Anbieter muessen aber keine Programmeinweisung erteilen Kunden haben bei Betaversionen normale Gewaehrleistungsrechte

13.10.1995

Von Fritz Neske und Frank Koch*

Eine Entscheidung des Oberlandesgerichts (OLG) Muenchen /1/ schafft fuer den Vertrieb von Pre Releases voellig neue rechtliche Voraussetzungen: Wenn Entwickler und Vertriebshaendler Maengel dieser Versionen fristgerecht ruegen, koennen sie alle Gewaehrleistungsrechte geltend machen. Anbieterfreundlicher ist ein Urteil des Landgerichts (LG) Giessen: Software-Anbieter schulden demnach dem Anwender ueber das Handbuch hinaus keine Einweisung in die Programmnutzung.

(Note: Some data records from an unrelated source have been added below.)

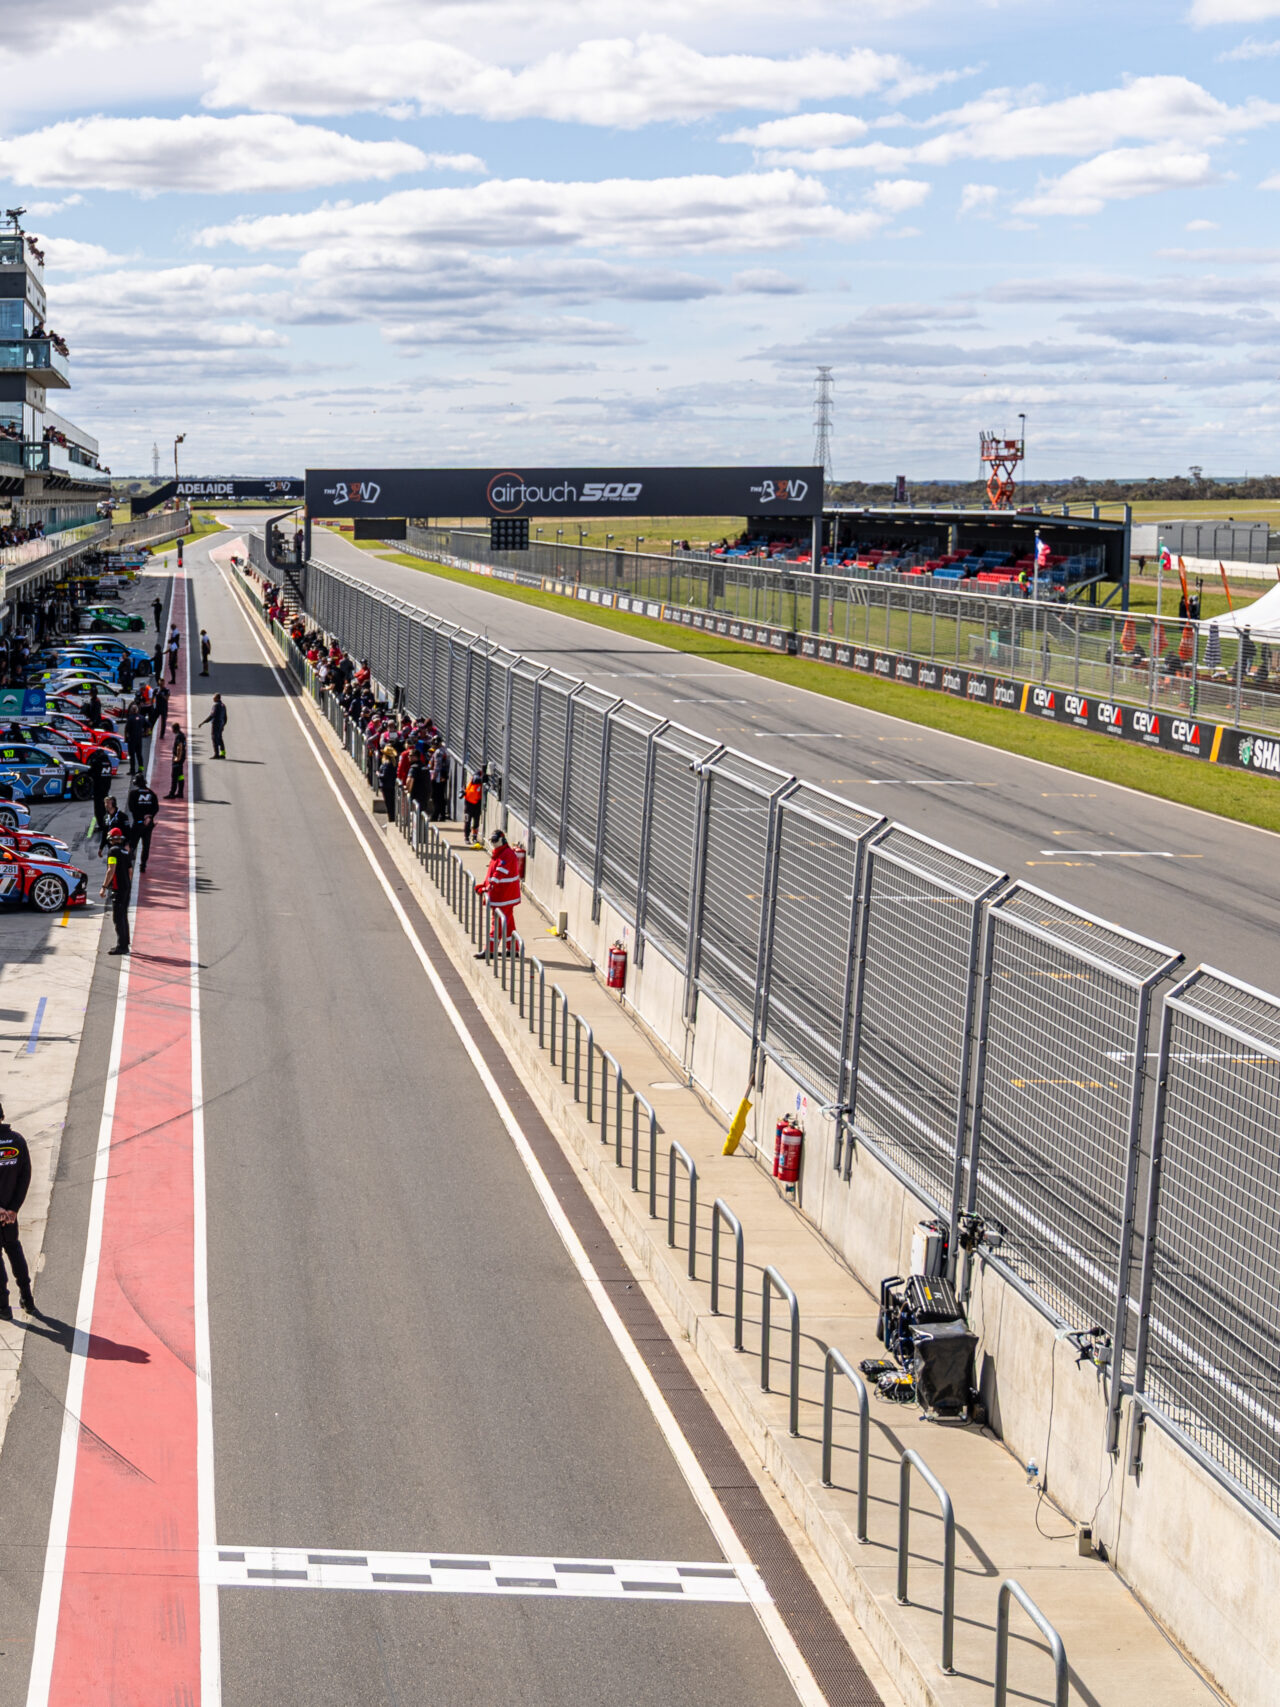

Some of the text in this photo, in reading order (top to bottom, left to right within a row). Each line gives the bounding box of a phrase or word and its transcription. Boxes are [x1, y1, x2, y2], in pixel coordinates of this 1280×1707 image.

[176, 483, 234, 494] ADELAIDE
[492, 481, 643, 502] airtouch 500
[995, 683, 1015, 704] airtouch
[4, 837, 14, 846] 30
[2, 865, 17, 873] 281
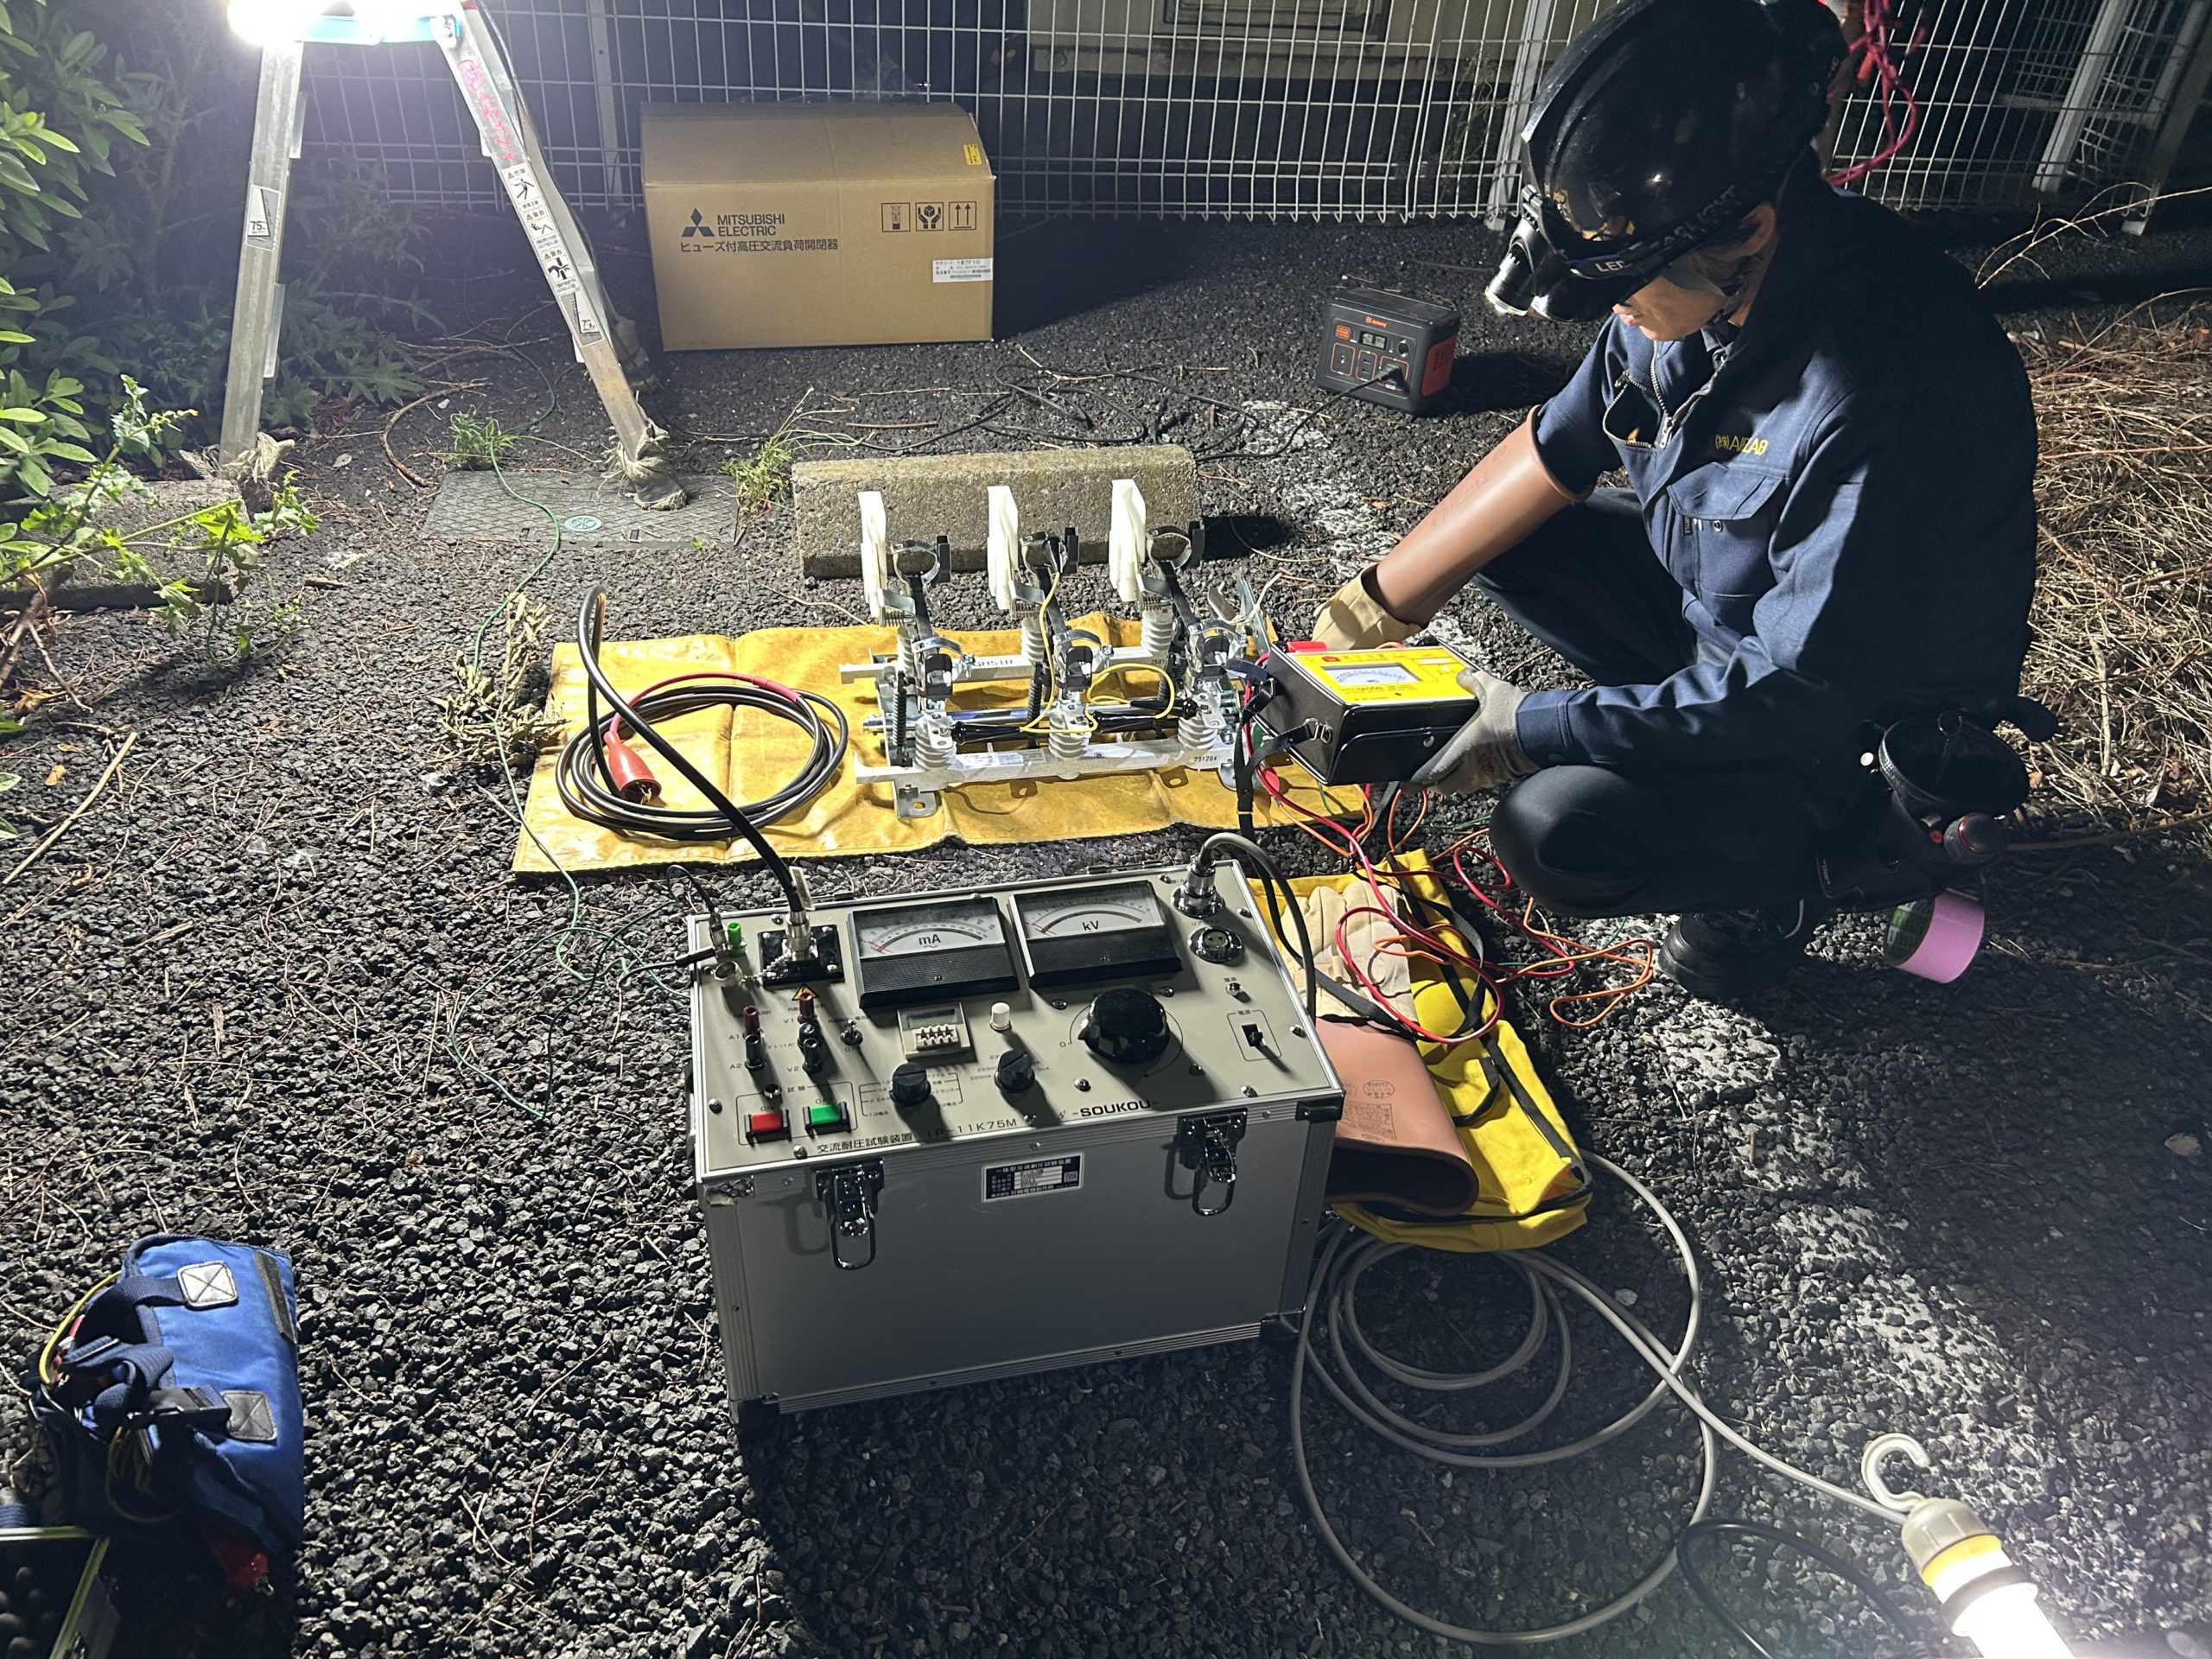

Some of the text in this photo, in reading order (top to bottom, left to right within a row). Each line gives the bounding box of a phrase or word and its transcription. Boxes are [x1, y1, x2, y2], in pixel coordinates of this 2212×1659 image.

In dem vom OLG Muenchen entschiedenen Fall hatte die Klaegerin nur ein Pre Release eines Entwicklungswerkzeuges (Software Development Kit, SDK, zu OS/2) gegen Bezahlung von der Beklagten erworben, spaeter kostenfrei ein weiteres Pre Release, aber zu keinem Zeitpunkt ein Final Release des SDK.

Ansprueche aus den Maengeln

Streitig waren die Ansprueche aus den Maengeln des Pre Release und zentral ein moeglicher Anspruch auf Lieferung des Final Release. Auf diesen vom Gericht verneinten Anspruch ist im vorliegenden nicht naeher einzugehen, wohl aber auf eine die Entscheidungsgruende nicht tragende rechtliche Einstufung, die allgemeine praktische Bedeutung erlangen kann.

Das OLG Muenchen sah die Anwendung von Kaufrecht auf die Ueberlassung des Pre Release als moeglich an. In diesem Fall war vom Kunden zwingend der kaufmaennischen Untersuchungs- und Ruegepflicht gemaess Paragraph 377 I HGB nachzukommen. Folgerung des Gerichts: Sei nicht "unverzueglich" (im Sinne von Paragraph 377 I Satz 1 HGB) nach Ablieferung durch den Kaeufer ein Mangel geruegt worden, gelte die Ware als genehmigt (Paragraph 377 II HGB).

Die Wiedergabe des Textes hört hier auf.